Task description: Print every entry below again exactly as written, skipping the pictures.
#### Recorded data ####
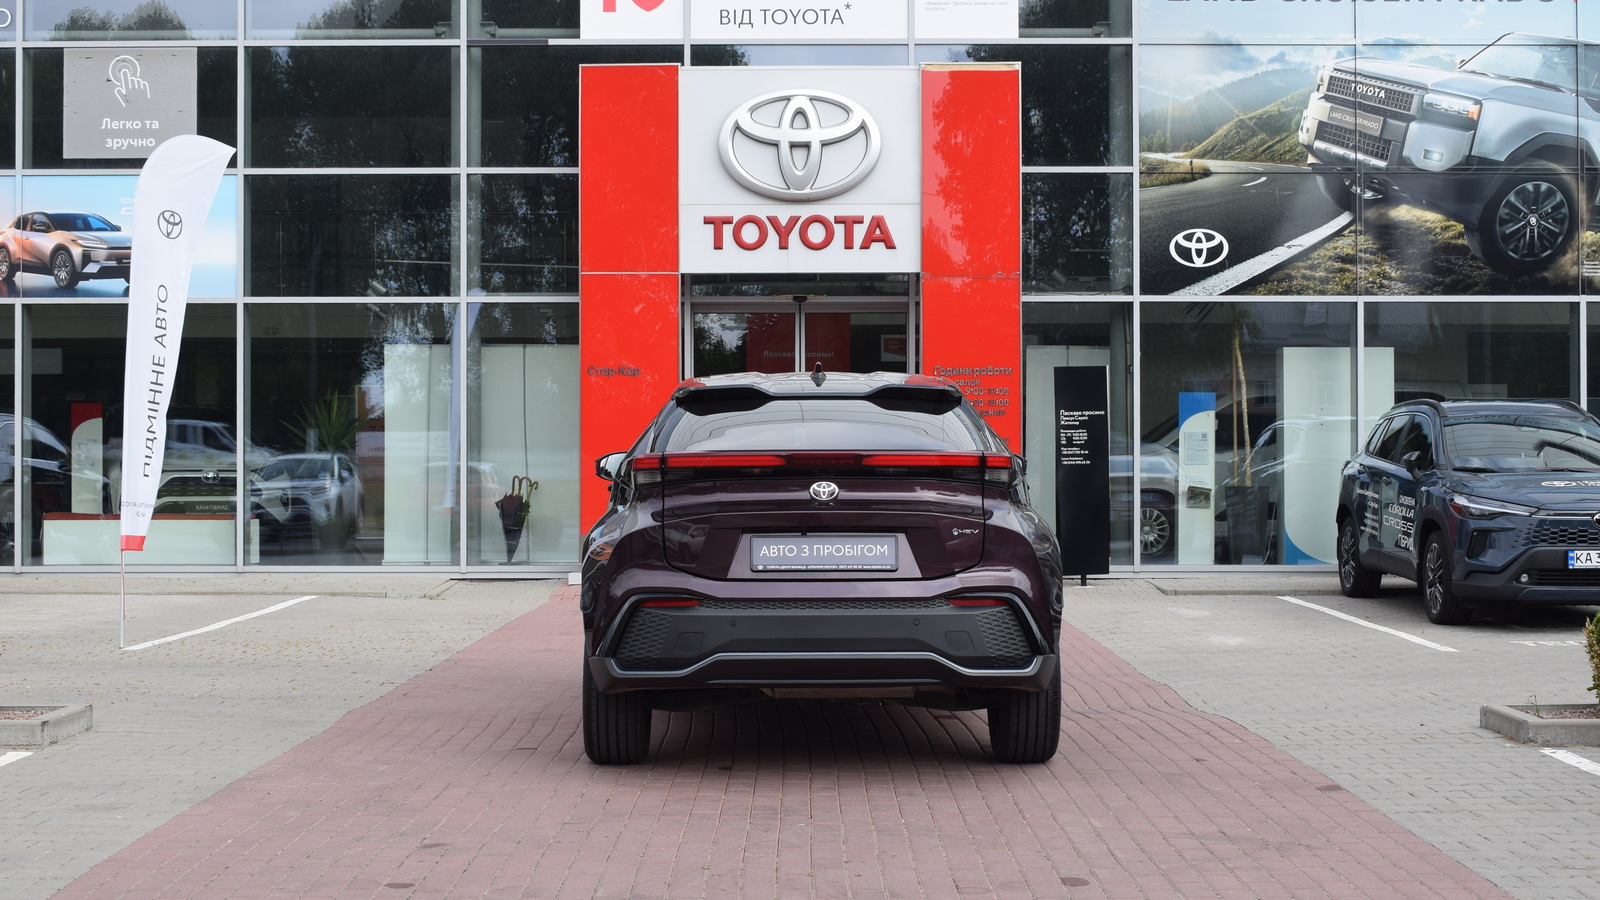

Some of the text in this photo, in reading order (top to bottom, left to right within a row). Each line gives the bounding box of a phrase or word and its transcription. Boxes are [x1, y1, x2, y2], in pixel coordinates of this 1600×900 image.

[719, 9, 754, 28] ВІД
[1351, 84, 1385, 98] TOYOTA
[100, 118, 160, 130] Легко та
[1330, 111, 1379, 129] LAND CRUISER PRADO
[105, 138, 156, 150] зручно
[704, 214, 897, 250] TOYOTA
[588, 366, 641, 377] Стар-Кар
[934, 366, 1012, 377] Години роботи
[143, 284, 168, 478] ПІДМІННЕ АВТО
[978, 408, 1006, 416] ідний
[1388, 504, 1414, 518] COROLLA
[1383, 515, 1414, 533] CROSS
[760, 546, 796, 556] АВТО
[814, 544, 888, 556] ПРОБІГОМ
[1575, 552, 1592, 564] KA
####
Task output:
Some of the text in this photo, in reading order (top to bottom, left to right within a row). Each line gives the bounding box of a phrase or word and its transcription. Boxes are [x1, y1, x2, y2], in pixel coordinates of this 1600×900 image.

[719, 9, 754, 28] ВІД
[1351, 84, 1385, 98] TOYOTA
[100, 118, 160, 130] Легко та
[1330, 111, 1379, 129] LAND CRUISER PRADO
[105, 138, 156, 150] зручно
[704, 214, 897, 250] TOYOTA
[588, 366, 641, 377] Стар-Кар
[934, 366, 1012, 377] Години роботи
[143, 284, 168, 478] ПІДМІННЕ АВТО
[978, 408, 1006, 416] ідний
[1388, 504, 1414, 518] COROLLA
[1383, 515, 1414, 533] CROSS
[760, 546, 796, 556] АВТО
[814, 544, 888, 556] ПРОБІГОМ
[1575, 552, 1592, 564] KA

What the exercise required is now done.